I don’t have anything huge to report at the moment. I think I have finally decided to stay in Beijing one more year. I think. But ONLY one more year. Seriously, if I’m not out of China by July 31st 2019, get a rescue team together and come get me. I’m actually kind of tired of Beijing at the moment; I feel like there’s nothing new to see or do here. I still want to see other places in China and Asia though, and save up some money, so I’m going to try to survive one more year.
Last weekend we had a 4-day holiday for Chinese Labor Day, so I went to Busan for a few days. On the one hand, I’ve already been there twice and I felt like I should go explore somewhere new, but on the other-I just love this city. It’s my happy place-so peaceful and pretty and friendly, plus I really just wanted to hang out on the beach and do nothing for a change. Besides, it’s nice to go someplace a little familiar. I got in late since I left after work Friday, and I didn’t have to worry about figuring out how to navigate a new city. I just went straight to the subway and used the change I saved from my last trip to buy a ticket. I already know all the streets around the Haeundae Beach area, and it was really easy to walk around.
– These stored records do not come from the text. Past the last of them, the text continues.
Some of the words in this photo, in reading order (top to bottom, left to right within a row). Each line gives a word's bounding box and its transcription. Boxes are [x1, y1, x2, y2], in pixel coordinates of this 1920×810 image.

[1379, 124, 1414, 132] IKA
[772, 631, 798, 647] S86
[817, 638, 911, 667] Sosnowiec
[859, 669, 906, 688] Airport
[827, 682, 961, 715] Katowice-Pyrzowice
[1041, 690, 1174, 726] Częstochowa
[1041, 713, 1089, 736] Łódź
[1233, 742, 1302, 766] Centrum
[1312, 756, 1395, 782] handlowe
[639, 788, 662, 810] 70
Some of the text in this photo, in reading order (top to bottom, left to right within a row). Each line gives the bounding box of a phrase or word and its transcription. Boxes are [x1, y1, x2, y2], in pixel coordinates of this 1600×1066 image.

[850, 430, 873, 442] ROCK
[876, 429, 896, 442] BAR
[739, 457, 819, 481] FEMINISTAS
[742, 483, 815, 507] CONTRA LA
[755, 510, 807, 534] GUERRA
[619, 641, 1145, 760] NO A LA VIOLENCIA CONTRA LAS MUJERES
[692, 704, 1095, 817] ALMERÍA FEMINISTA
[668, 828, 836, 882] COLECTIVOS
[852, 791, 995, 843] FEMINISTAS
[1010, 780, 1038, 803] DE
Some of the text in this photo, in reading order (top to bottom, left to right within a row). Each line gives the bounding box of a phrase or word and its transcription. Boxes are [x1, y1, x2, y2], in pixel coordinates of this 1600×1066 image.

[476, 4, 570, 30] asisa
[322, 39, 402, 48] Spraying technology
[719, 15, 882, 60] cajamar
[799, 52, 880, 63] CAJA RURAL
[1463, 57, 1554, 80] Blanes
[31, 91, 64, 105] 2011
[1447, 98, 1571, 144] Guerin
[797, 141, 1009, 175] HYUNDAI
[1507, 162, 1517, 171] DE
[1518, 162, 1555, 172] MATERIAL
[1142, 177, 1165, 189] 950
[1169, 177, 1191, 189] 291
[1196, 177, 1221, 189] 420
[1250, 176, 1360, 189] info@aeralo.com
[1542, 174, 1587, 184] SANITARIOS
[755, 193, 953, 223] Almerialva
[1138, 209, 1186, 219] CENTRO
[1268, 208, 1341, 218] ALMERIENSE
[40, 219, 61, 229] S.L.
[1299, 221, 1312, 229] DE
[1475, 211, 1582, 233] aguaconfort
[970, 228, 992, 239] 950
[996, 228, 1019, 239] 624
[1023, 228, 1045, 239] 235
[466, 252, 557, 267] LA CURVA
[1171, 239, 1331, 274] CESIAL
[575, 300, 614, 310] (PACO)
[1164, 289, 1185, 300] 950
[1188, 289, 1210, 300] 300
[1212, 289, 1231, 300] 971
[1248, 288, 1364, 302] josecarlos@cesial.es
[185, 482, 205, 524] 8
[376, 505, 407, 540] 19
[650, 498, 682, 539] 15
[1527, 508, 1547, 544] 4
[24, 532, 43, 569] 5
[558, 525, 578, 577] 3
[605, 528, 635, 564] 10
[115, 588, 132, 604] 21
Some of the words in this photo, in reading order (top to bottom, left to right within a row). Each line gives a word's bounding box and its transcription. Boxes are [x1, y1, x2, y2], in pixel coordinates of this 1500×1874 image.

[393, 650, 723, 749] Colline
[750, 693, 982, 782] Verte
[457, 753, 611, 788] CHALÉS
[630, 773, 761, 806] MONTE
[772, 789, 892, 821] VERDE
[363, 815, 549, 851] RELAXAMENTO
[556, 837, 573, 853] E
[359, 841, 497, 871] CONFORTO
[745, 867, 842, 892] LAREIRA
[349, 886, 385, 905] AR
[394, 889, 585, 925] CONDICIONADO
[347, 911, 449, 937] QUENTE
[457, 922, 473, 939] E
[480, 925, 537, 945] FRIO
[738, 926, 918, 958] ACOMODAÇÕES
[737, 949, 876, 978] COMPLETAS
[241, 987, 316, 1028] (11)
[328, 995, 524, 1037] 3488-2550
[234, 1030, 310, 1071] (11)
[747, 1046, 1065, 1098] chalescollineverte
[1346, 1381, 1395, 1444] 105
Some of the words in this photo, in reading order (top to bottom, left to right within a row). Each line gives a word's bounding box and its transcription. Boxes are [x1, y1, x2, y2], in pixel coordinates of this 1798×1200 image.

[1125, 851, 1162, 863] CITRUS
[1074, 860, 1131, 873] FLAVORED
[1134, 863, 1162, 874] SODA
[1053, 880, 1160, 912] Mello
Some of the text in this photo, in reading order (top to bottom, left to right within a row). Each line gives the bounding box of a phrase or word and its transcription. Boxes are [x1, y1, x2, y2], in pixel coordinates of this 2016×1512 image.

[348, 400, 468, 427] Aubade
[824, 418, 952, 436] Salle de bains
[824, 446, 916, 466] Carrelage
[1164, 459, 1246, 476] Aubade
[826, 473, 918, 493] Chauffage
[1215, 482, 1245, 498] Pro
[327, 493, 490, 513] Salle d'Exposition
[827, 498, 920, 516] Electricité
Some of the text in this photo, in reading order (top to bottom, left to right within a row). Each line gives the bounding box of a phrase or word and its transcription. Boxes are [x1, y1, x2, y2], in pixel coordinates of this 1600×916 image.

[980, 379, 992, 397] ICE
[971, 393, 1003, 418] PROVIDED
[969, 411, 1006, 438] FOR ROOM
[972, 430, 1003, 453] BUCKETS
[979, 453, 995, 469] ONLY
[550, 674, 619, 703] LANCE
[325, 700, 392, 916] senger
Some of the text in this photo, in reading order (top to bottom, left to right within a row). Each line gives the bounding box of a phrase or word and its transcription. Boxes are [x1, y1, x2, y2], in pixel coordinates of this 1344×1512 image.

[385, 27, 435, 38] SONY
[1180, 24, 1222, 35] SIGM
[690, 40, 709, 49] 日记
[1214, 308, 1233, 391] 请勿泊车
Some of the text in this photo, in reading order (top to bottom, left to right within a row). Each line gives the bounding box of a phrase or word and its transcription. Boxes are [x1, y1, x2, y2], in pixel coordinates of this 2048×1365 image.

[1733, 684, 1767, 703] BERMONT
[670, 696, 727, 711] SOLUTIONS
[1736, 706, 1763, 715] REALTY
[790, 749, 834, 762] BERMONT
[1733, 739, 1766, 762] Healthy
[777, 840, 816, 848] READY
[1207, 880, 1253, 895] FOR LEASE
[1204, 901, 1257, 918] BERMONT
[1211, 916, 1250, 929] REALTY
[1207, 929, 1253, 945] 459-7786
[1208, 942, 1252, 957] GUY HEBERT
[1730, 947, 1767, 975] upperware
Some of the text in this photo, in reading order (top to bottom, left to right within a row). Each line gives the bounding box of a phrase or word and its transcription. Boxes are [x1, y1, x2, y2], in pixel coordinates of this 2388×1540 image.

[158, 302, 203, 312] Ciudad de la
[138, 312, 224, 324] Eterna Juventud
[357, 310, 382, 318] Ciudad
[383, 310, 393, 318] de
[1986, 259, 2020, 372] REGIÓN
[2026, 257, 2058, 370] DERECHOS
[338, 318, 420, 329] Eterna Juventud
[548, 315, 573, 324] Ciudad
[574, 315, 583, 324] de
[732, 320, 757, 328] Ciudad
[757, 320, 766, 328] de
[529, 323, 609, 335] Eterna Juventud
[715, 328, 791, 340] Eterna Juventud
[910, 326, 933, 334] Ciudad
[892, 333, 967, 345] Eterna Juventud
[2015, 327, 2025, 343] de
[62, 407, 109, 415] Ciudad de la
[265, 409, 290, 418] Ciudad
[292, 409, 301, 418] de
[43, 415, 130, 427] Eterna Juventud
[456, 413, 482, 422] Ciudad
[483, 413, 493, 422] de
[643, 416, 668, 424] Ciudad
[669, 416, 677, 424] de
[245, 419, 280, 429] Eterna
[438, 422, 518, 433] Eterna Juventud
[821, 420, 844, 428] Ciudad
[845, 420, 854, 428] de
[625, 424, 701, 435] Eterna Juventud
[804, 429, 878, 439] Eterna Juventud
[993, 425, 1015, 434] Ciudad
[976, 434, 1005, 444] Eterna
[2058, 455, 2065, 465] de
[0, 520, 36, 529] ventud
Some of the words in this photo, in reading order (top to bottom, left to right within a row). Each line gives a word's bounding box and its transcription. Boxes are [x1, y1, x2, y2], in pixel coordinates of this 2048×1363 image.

The weather was perfect-warm and sunny, with a nice cool breeze. The water was chilly but not too cold to walk around barefoot in the surf. On Saturday, I spent several hours working on homework in the morning, then went out, had some excellent seafood, read my book, wrote in my journal, and sat on the beach for a while people-watching. It was actually pretty busy for being so early in the season. There was a little boy, probably not even 2 yet, a few yards down, who would toddle up to the waves, just inching closer and closer, but as soon as the water touched his toes, he would run back up the beach screaming “Mama!” He must have done it six or seven times. An older girl, probably 5 or 6, was fascinated by the pigeons pecking around in the sand. She would run up to one group and they would take off, so she’d run over to another group and they’d take off flying and she would just crack up laughing. She did this all up and down the beach until she scared one flock off birds into flying straight at a group of teenage girls taking selfies by the water and her mom dragged her off. (She did them a favor, really, they looked like idiots.) Another woman next to me spread out her towel, sat down, and pulled out a book. Oh, hey, another reader, nice to see people still do that. Nope. She next pulled out her phone and proceeded to take pictures of the book open on her lap. Then, apparently afraid that wouldn’t be convincing enough, she brought out a selfie stick so she could get a picture of her face looking down at the book. She sat there posing for 30 minutes and the only time she actually looked at the book was when she clicked the shutter. This is really getting out of hand, people. Can we not even spend a half hour on the beach without phones?
Sunday, I also spent several hours doing homework in the morning, then finally got out in the mid-afternoon to explore Dongbaek Island, which, interestingly, is not an island. It was once upon a time but now buildup of sand and silt from streams have connected it to the mainland. You can take the subway to Dongbaek, near the Westin, and then there’s a beautiful walking path that goes all around the perimeter of the island and turns into a boardwalk on the far side with steps going down to the rocky shore. From there you can keep walking and end up back on Haeundae Beach, where I did some more beach-sitting and people-watching before strolling down the seafood street for dinner. Most of the places on this street have a set menu. You just pick what kind of fish you want and they’ll pull it out of a tank out front and bring it with all the accompaniments.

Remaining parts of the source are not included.